Using a colossal radio telescope in the Mojave Desert, school kids around the world are helping NASA track the LCROSS spacecraft as it heads for a crash landing on the Moon.
On Oct. 9th, LCROSS will smash into the inky-dark shadows of a crater near the Moon's south pole in search of water. Eager youngsters are locked on to LCROSS's signal as intently as they've ever viewed a video game, and they're feeding NASA valuable data about the spacecraft's health and status.
Students attending 283 schools world-wide are participating in the Goldstone Apple Valley Radio Telescope Project, or GAVRT -- a joint project between NASA's Jet Propulsion Laboratory and the Lewis Center for Educational Research. Boys and girls control the behemoth telescope via the internet and they have been learning how to do radio astronomy just like real mission scientists.
Brian Day of NASA Ames Research Center explains how the students "adopted" LCROSS.
"Because LCROSS has a very steeply inclined orbit, we have only a 2-hour window once every 3 days when we can check out the spacecraft using the Deep Space Network. So we decided to ask GAVRT for help. These kids help us get extra listening time for our spacecraft, and they get an incredible educational experience in return."
Lewis Center founder Rick Piercy is the visionary who sparked GAVRT's creation, making this extraordinary hookup possible.
"In 1994, I heard that NASA was decommissioning a fully functional radio telescope," says Piercy. "I knew that this particular telescope had been used to communicate with the Apollo spacecraft and realized that it was something special. I wanted it for the students at our school, the Academy for Academic Excellence. I figured we could load it up in a couple of pickup trucks and bring it to the school if we could get permission."
He called California Congressman Jerry Lewis, who put him in touch with then-NASA Administrator Daniel Goldin. Piercy convinced Goldin and NASA to give the telescope to the school and make the instrument available to students nationwide.
"I contacted Dr. Michael Klein, who was a foremost authority on Jupiter radio astronomy but has since passed away. When I told him that I wanted to go load up the telescope in a truck to bring to the school, he got very quiet and then said, 'The scope is 110 feet wide, weighs almost a million pounds, and is 9 stories tall.'"
Piercy's response? "Oh."
The telescope stayed where it was, but that didn't stall Piercy's plans. "Our school became the first to take over a NASA telescope," he says. To date, 38,000 students, including boys and girls at Department of Defense schools across the globe, have run the telescope. NASA scientists and Lewis Center staff train teachers. In turn, the teachers train groups of students.
"Best of all, the scientists mentor the students - answering questions and offering guidance as needed."
According to Piercy, one mother was a little worried at first, saying, "I don't even let my daughter run the washing machine -- and she's going to operate a 15 million dollar piece of NASA equipment?"
No worries, mom. It's all done remotely. Piercy never had to test his pickup truck. Students access the massive radio telescope, which resides at the Goldstone Tracking Station in California's Mojave Desert, via the Internet in their classrooms.

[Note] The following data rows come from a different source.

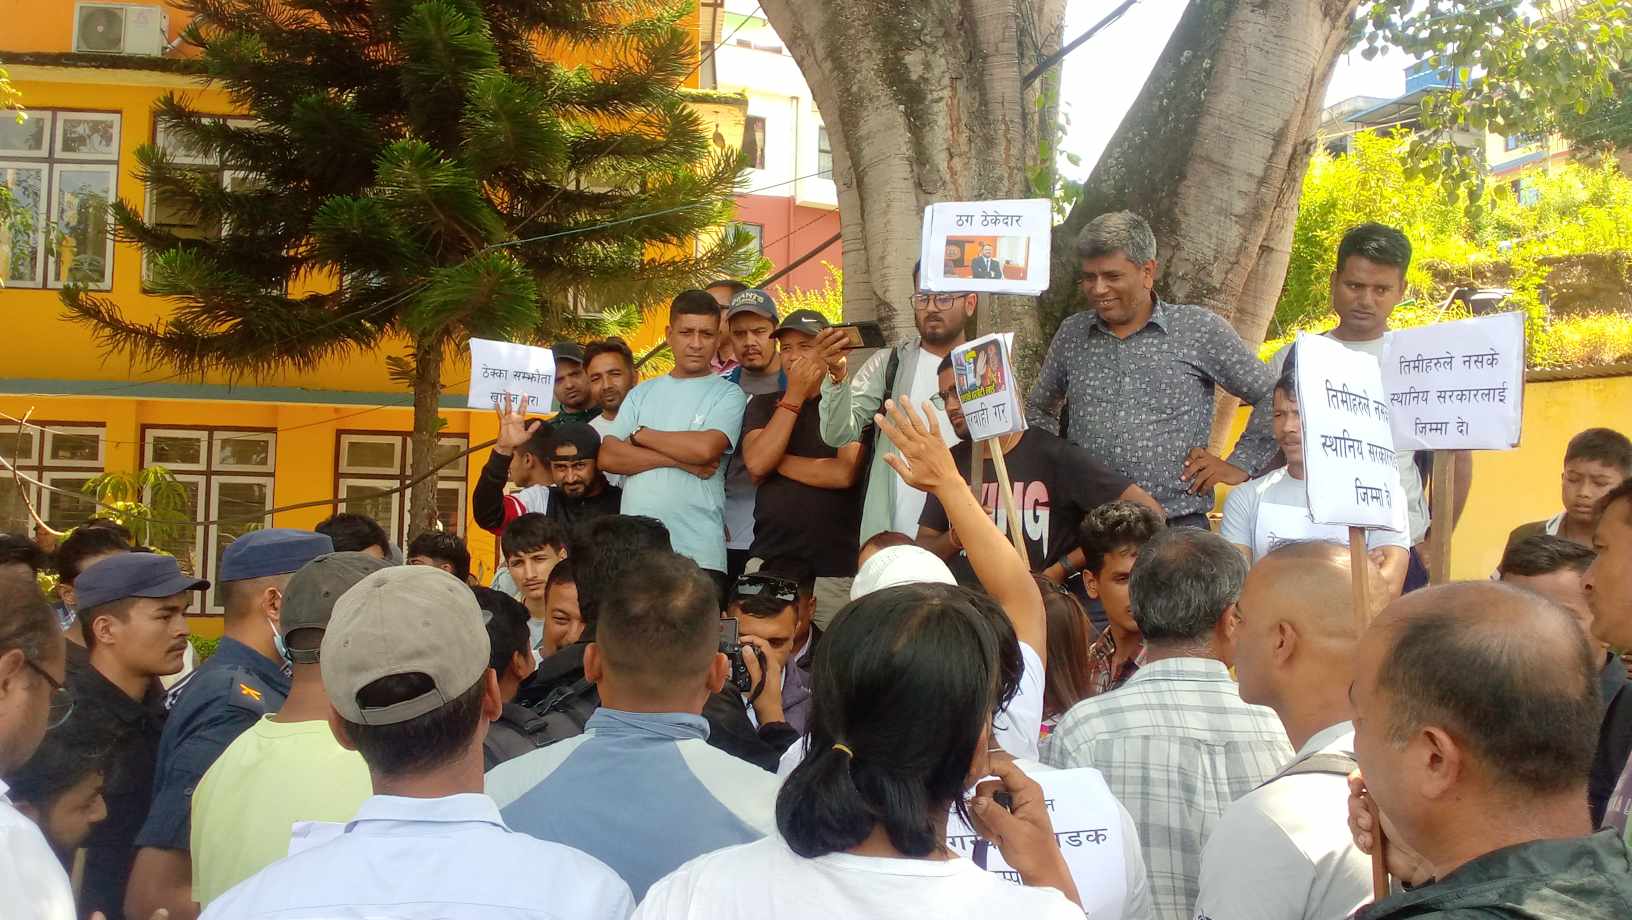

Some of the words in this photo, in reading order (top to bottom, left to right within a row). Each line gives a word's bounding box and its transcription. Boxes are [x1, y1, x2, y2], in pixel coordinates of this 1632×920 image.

[956, 214, 975, 227] ठग
[980, 210, 1023, 227] ठेकेदार
[1462, 347, 1500, 369] नसके
[481, 363, 508, 380] ठेक्का
[1390, 385, 1431, 406] स्थानिय
[1436, 381, 1509, 405] सरकारलाई
[1414, 417, 1450, 436] जिम्मा
[1320, 429, 1364, 460] स्थानिय
[1355, 477, 1384, 507] जिम्मा
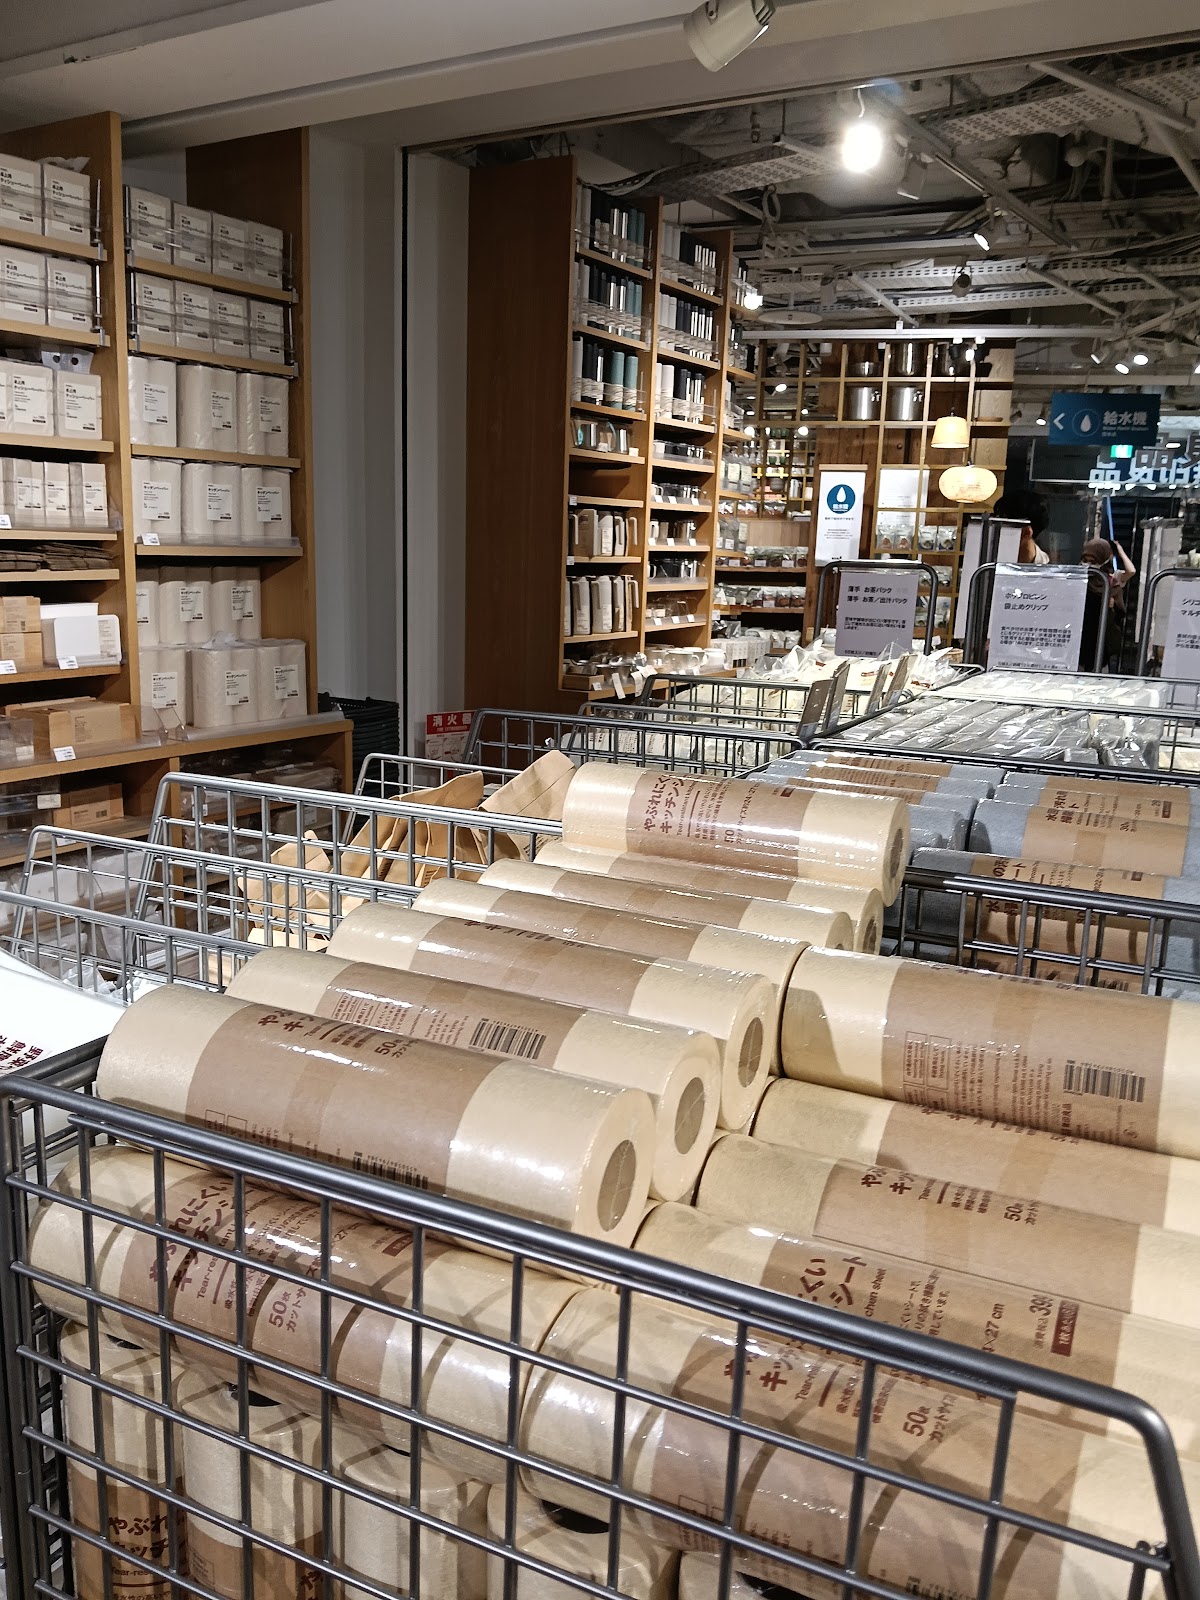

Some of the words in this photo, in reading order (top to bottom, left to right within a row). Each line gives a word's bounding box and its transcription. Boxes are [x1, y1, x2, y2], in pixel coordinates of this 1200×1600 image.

[1103, 410, 1148, 426] 給水機
[1004, 602, 1049, 611] 袋止めクリップ
[432, 712, 472, 727] 消火器
[196, 1228, 235, 1299] Tear-restant
[267, 1290, 296, 1328] 50枚
[901, 1402, 931, 1438] 50枚
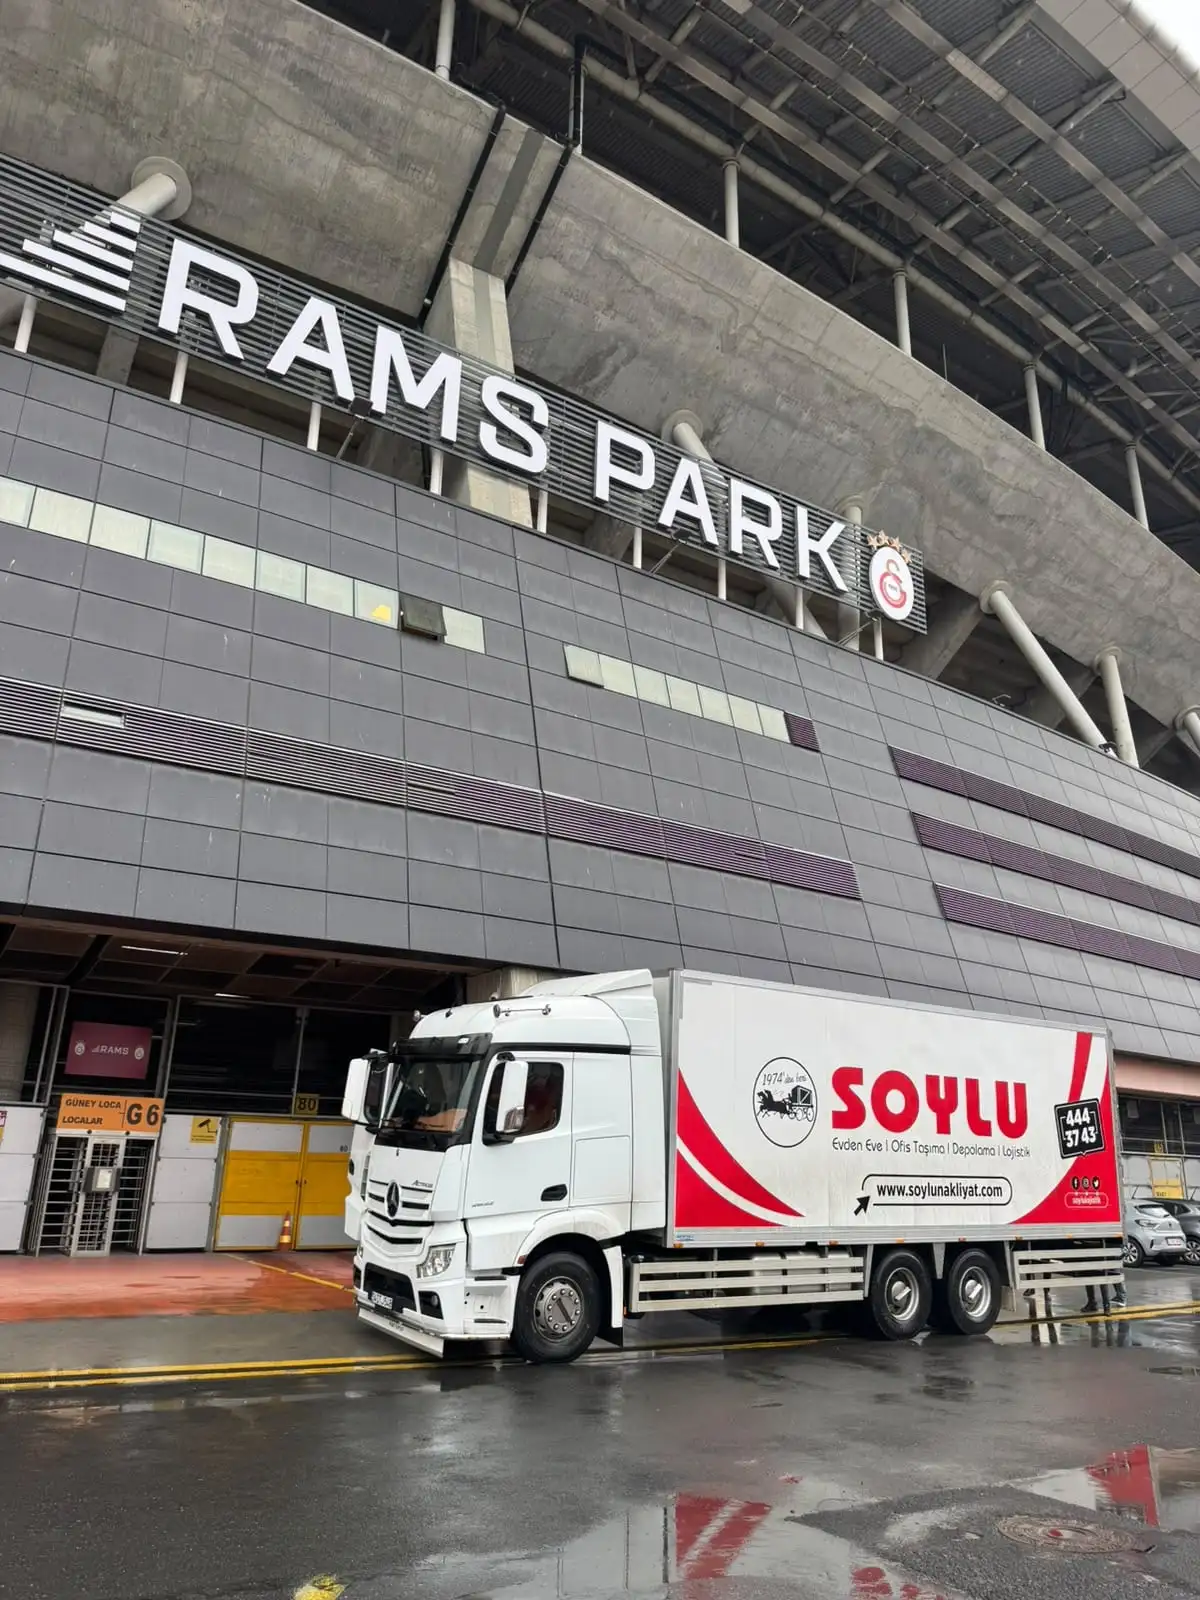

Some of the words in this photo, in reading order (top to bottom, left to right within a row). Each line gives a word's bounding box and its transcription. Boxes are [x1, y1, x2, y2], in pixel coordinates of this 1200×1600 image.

[158, 238, 550, 474] RAMS
[594, 420, 849, 593] PARK
[100, 1045, 129, 1055] RAMS
[65, 1098, 97, 1108] GÜNEY
[98, 1100, 121, 1109] LOCA
[297, 1097, 317, 1111] 80
[831, 1066, 1028, 1139] SOYLU
[62, 1116, 103, 1125] LOCALAR
[1066, 1107, 1090, 1126] 444
[832, 1137, 863, 1152] Evden
[865, 1138, 883, 1152] Eve
[891, 1139, 911, 1153] Ofis
[913, 1140, 945, 1157] Taşıma
[952, 1142, 996, 1157] Depolama
[876, 1182, 1003, 1200] www.soylunakliyat.com
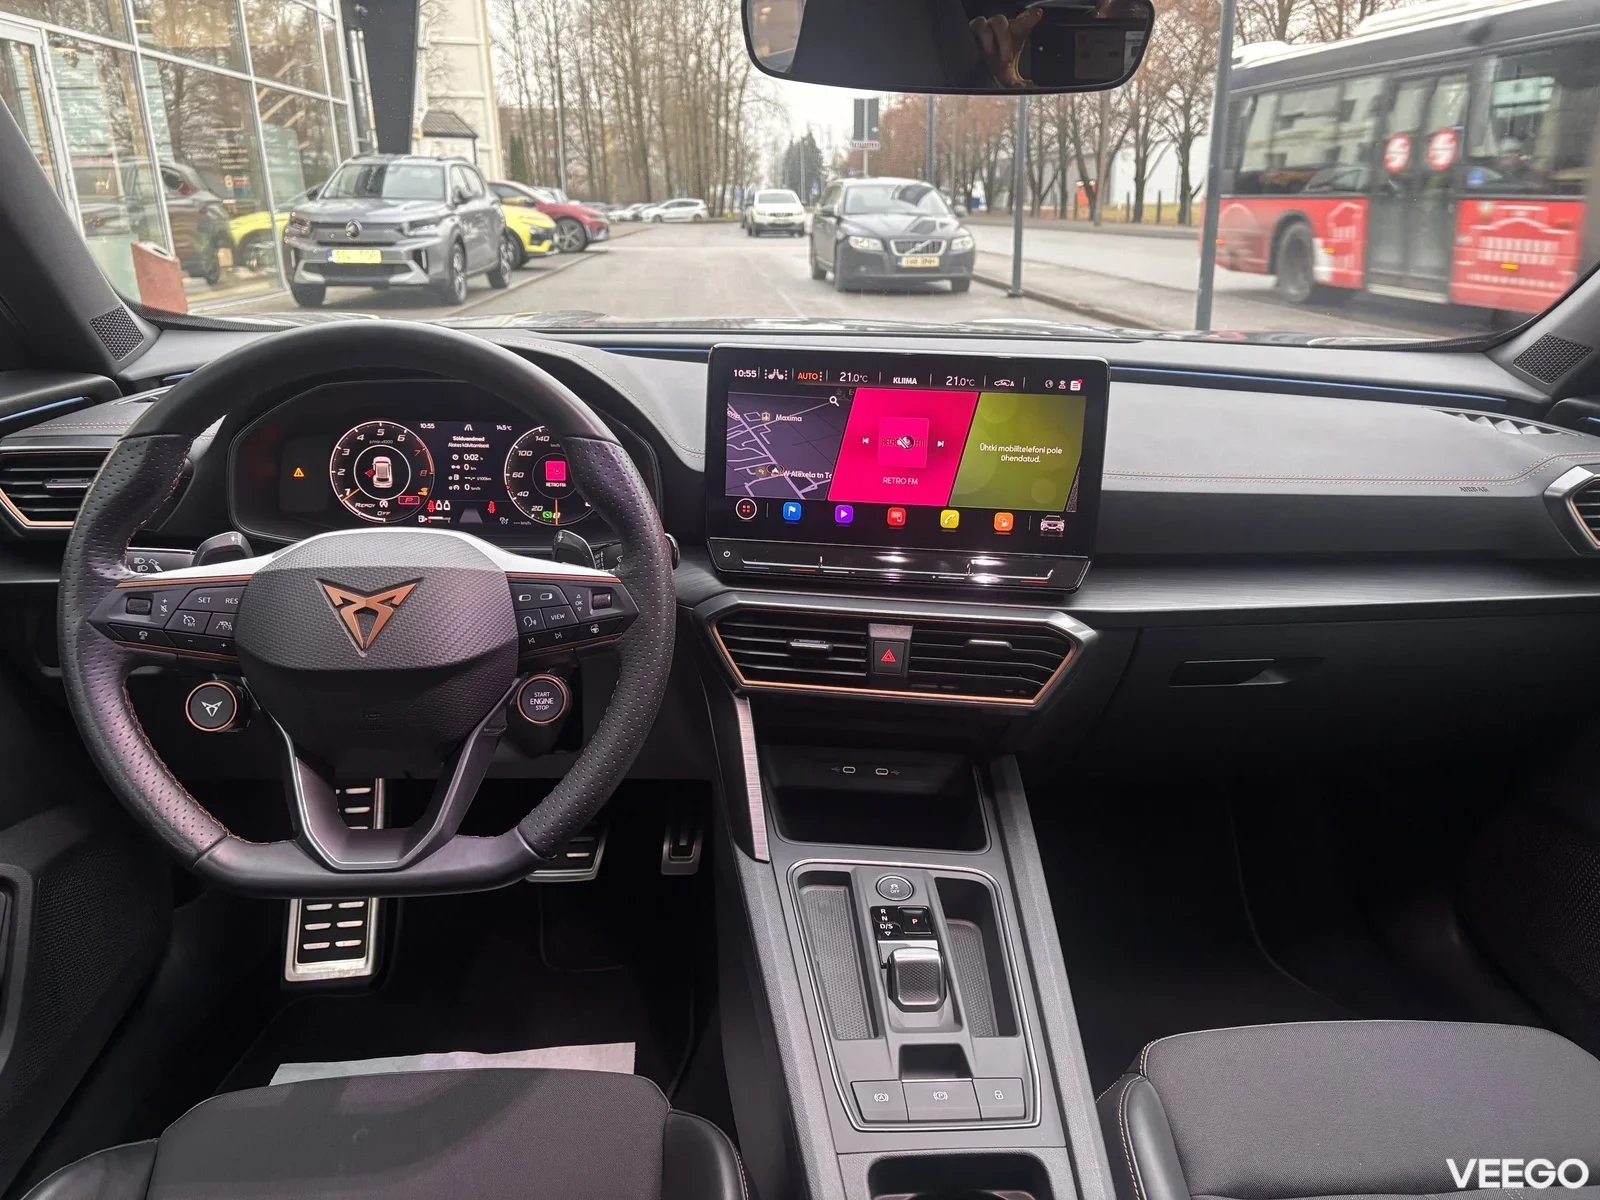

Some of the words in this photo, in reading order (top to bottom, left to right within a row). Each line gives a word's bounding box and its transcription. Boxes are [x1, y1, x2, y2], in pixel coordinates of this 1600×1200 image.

[733, 369, 757, 378] 10:55
[797, 372, 818, 380] AUTO
[893, 376, 918, 385] KLIIMA
[775, 414, 802, 422] Maxima
[376, 428, 385, 436] 5
[397, 434, 406, 442] 6
[341, 448, 350, 456] 3
[413, 449, 421, 457] 7
[998, 445, 1046, 454] mobiiltelefoni
[1046, 446, 1062, 455] pole
[463, 453, 479, 461] 0:02
[463, 463, 470, 471] 0
[337, 468, 346, 476] 2
[882, 476, 907, 485] RETRO
[907, 477, 919, 485] FM
[464, 483, 470, 491] 0
[344, 488, 351, 496] 1
[517, 490, 529, 498] 40
[198, 596, 212, 604] SET
[225, 597, 239, 605] RES
[550, 613, 566, 621] VIEW
[529, 697, 554, 705] ENGINE
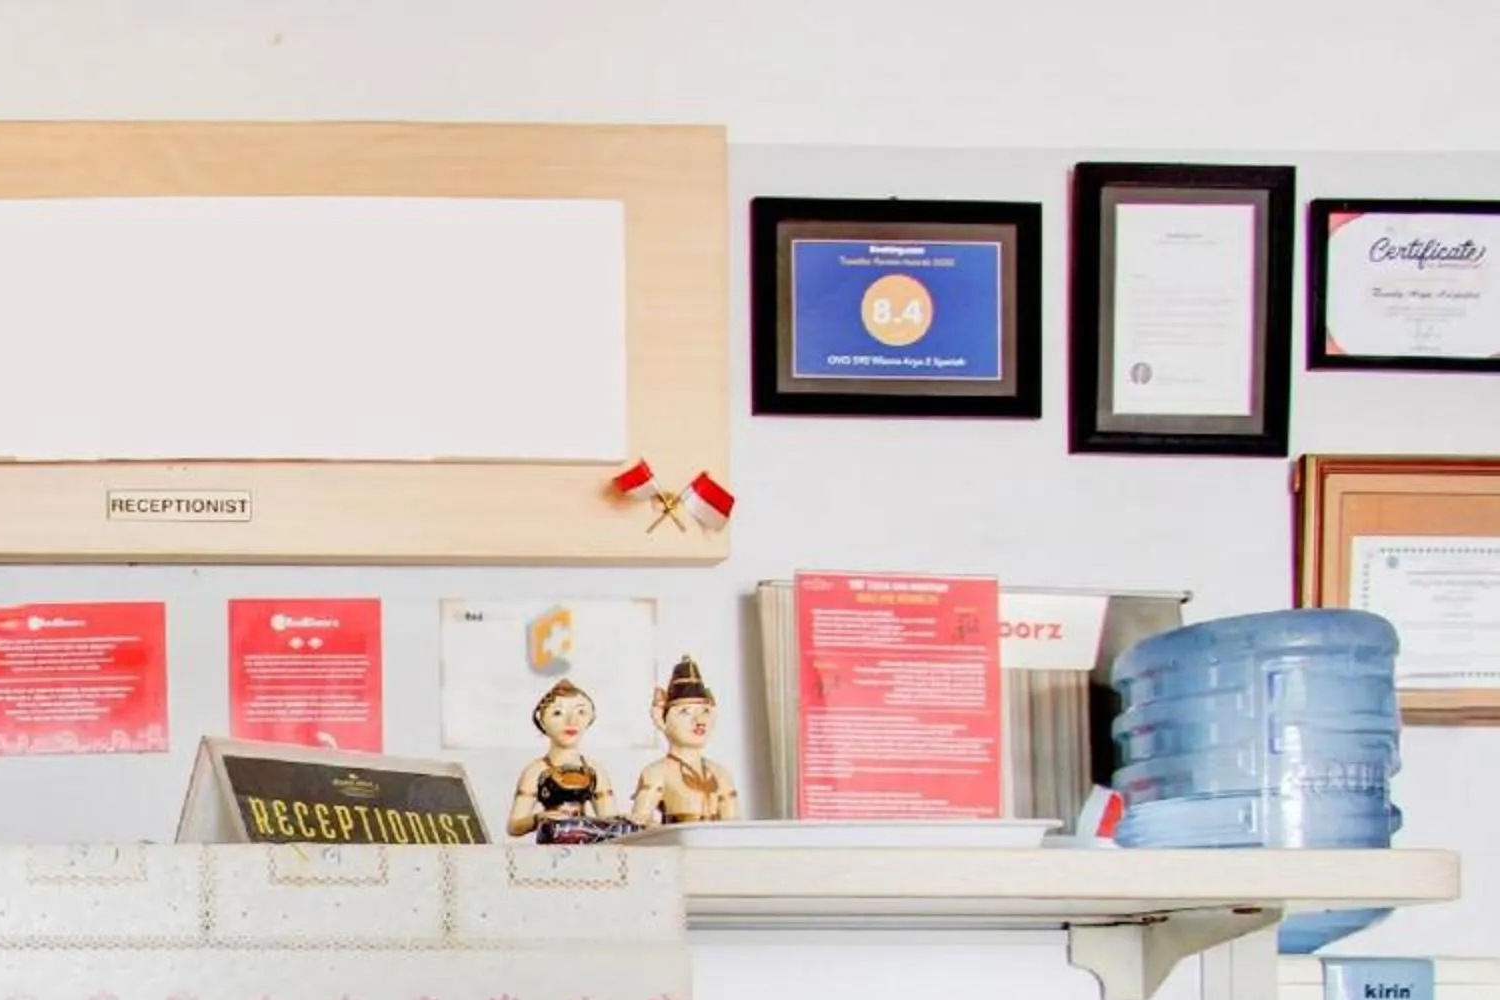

"Dr. Klein used to say that looking at a radio signal on a screen was about as thrilling as watching the grass grow," says Piercy. "But the kids love it because they're participating in real space missions and learning from NASA scientists what those signals mean."
If a problem occurs with LCROSS while NASA isn't able to listen, students at one or more of the participating schools may know it first and can alert the space agency.
"The kids realize how important they are to the mission's success," says Piercy. "Besides, it's fun."
"I'm really excited about being able to do this," says Anthony Cole, a ninth grader at the Academy for Academic Excellence. "It's a once in a lifetime opportunity to be able to track a spacecraft looking to find water on the Moon."
"Kids learn best by participating -- using all their senses," explains Piercy. "The proof's in the puddin'. The students at our school have had the highest standardized high school test scores in the county for several years now. Results for this year aren't out yet, but we expect similar success."
Students, including homeschoolers, who want to join in the fun can sign up at LewisLearning.org. There's room for everyone -- the Lewis Center is equipped to handle more than 60 million students from anywhere in the world. All you need is a speaker phone and a computer connected to the Internet.
And how's this for thrilling? There are plans in the works for GAVRT students to help listen for communications from extraterrestrials.
"Is there anybody out there?"
Yes. 38,000 clever kids hearing you loud and clear! Wassup?